Specially Written For Vikalp Sangam
In this story, we look at the example of Manzil Learning Center to understand ways of reimagining education and accessibility through democratizing decision making spaces.
The term school originates from the Greek term skholē which means leisure. Manzil is one of the few places that embodies learning as a space for leisure and philosophy, which is contrary to conventional education systems where the primary goals of achievement have been reduced to percentages, predetermined lessons, and rote learning.
Ravi Gulati, his mother Indira Gulati and their friend Dr. Geeta Chopra (who has done her PhD in Child Development) have all been pillars in the genesis of this slow learning space. Ravi’s sister had suffered a head injury when she was very young and had to undergo brain surgery. As a result, her developmental milestones were late and she had been diagnosed with cerebral palsy. Indira had single-handedly taken care of her daughter. This journey had motivated Indira to volunteer and help other children. Soon, she and Dr. Geeta opened a center in Delhi at Kotla where they worked with children who had special needs.
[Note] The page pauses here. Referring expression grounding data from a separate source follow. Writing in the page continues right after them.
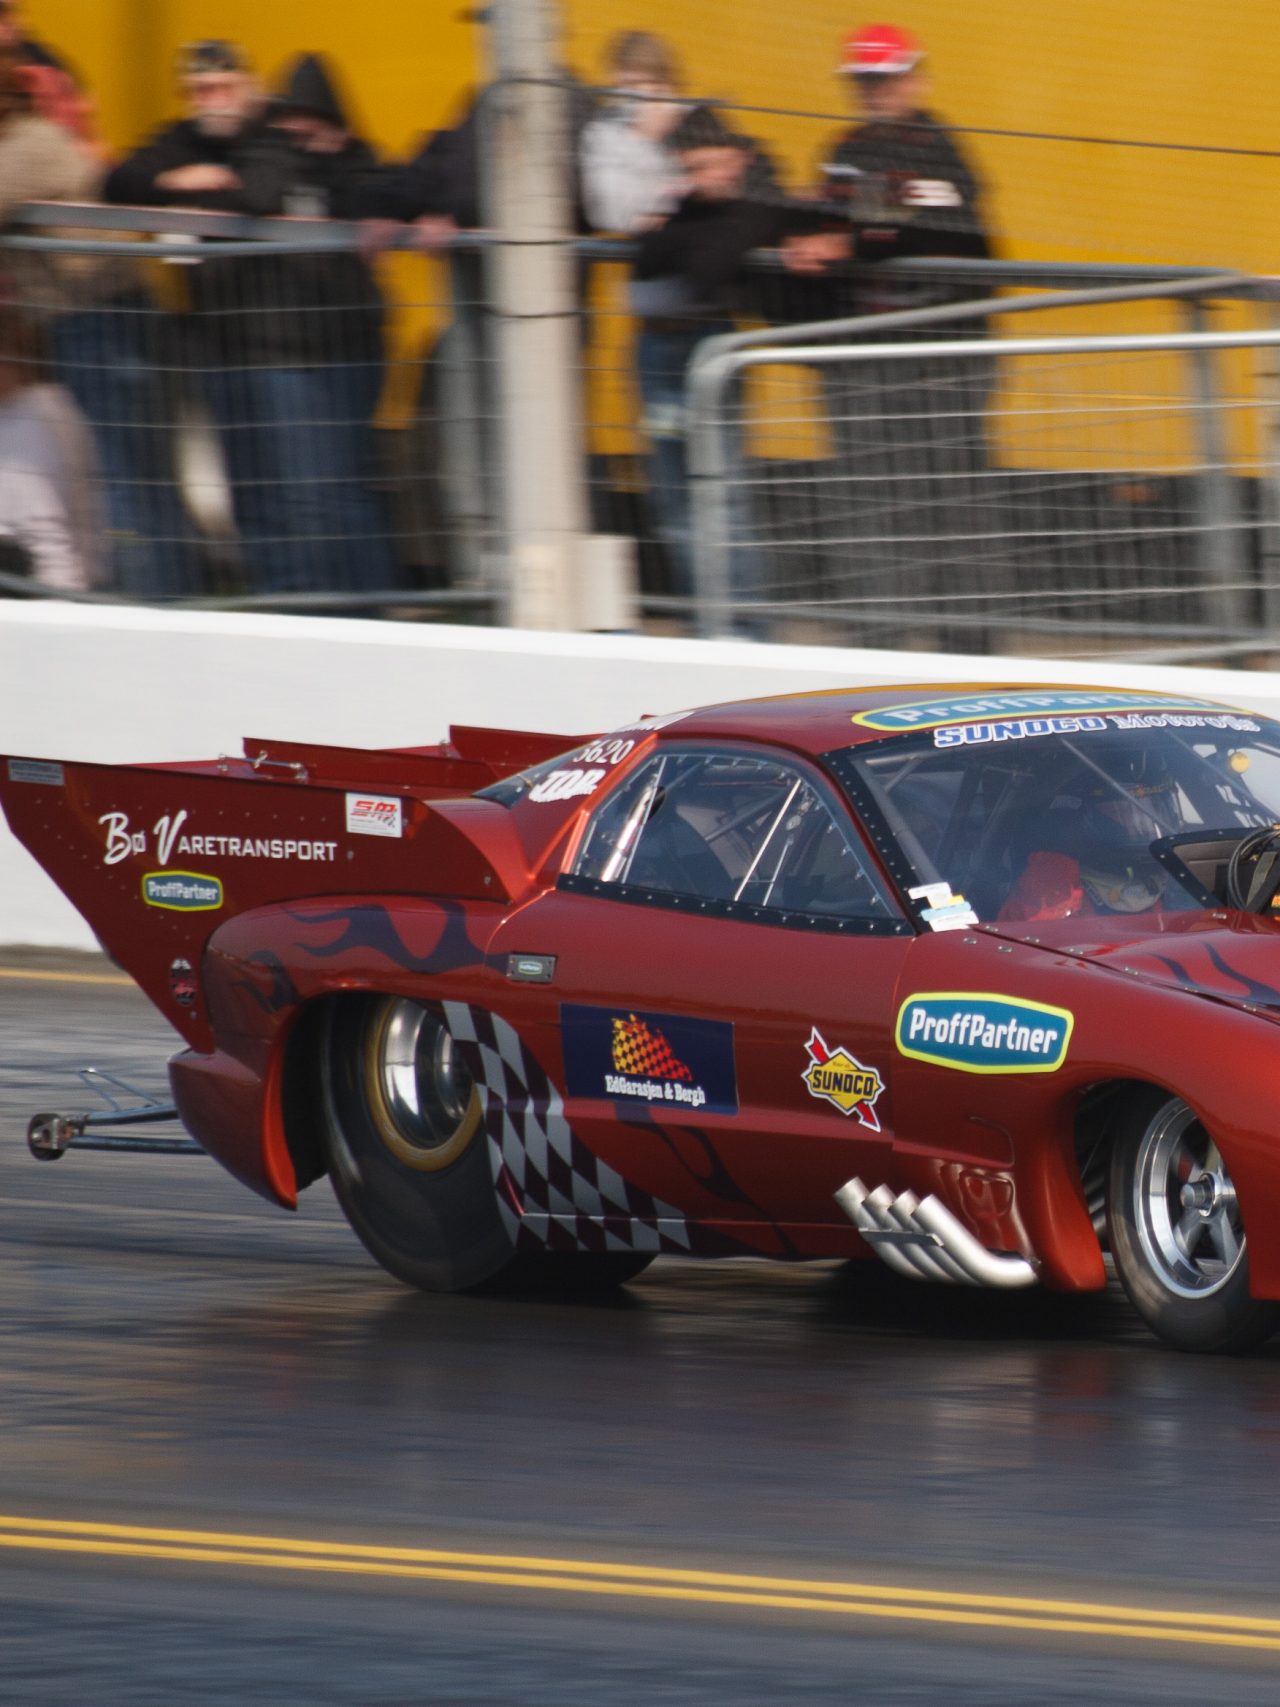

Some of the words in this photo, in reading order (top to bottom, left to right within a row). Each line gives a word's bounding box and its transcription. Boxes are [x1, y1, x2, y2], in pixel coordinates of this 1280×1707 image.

[933, 716, 1106, 748] SUNOCO
[152, 809, 338, 866] VARETRANSPORT
[146, 880, 218, 902] ProffPartner
[908, 1007, 1058, 1054] ProffPartner
[664, 1082, 674, 1100] &
[673, 1082, 706, 1107] Bergh
[812, 1069, 874, 1097] SUNOCO
When Indira was busy building the center in Kotla, two eighth-grade kids approached her hoping to learn math as they did not have money for tuition. However, Indira was more attuned to arts and crafts. During this time, Ravi had been home to take care of his father, and Indira asked him to help out. A fervent disciple of math, he decided to help the kids out.
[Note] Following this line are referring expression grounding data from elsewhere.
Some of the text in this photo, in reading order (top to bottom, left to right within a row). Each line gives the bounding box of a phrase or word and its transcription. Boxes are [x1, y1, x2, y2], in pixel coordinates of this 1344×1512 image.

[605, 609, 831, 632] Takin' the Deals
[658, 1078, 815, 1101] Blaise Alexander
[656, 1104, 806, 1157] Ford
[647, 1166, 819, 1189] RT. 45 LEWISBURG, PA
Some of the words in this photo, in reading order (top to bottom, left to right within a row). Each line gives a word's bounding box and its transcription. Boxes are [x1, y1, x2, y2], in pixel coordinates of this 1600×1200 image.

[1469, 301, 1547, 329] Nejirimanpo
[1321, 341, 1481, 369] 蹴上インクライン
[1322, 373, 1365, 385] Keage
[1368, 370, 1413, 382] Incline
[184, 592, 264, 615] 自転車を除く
Ravi, had himself walked the road less traveled. He shares how he never had any plan to work in such a space, but his journeys serendipitously brought him here. He spent a lot of his time traveling around India and learning different things like farming, and found that learning could be sought in many ways.
When he started teaching, he realized these two boys were not aware of basic fundamentals they would require for eighth grade level math. Ravi told these kids that if they wanted to learn, then they would have to learn math from scratch. The kids agreed. As the classes went on, some friends of the kids would keep joining. Ravi realised that all kids needed to have a foundation in Maths. He got the children involved in peer teaching. those whom he taught would take on teaching the new kids who joined the classes. Through mutual conversation they started discussing ways to diversify learning. Ravi asked them if they wanted to learn spoken English seeing that it had become a need, the kids said yes. The kids told Ravi they wanted to learn music and him being a bathroom singer who knew how to play a guitar decided that they could all learn together. A small step that eventually led to the foundation of Manzil being co-owned, and blurring the boundaries between student and teacher.
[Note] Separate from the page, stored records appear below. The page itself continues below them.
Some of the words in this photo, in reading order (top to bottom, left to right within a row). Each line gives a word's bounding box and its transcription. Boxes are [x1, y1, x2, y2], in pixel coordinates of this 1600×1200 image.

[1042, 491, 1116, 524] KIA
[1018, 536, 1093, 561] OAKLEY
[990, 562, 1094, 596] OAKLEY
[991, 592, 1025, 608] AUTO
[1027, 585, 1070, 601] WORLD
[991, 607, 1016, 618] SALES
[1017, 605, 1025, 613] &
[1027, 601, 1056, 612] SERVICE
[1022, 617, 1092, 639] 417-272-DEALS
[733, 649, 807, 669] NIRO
Ravi did not have a plan on how to build Manzil. He had experiences from his travels that made him feel shortchanged by the education institutions he had attended, and did not want to replicate those spaces. The journey of Manzil was built mutually with the kids. He shared how all of them shared a deep connectedness and discipline about education. Although this space was started by Ravi and Indira, the space is co-owned by the multitude of people who are a part of it.
‘Knowledge grows when you share it, then why do education systems build on competitive spirit?’ questions Ravi.
When I entered Manzil, it was just like entering a home, there were warm faces that clearly felt comfort in the space. Initially, I was unable to make out who was a student or teacher but I think that is precisely what Manzil is trying to capture. A fluidity and companionship driven by the love of learning.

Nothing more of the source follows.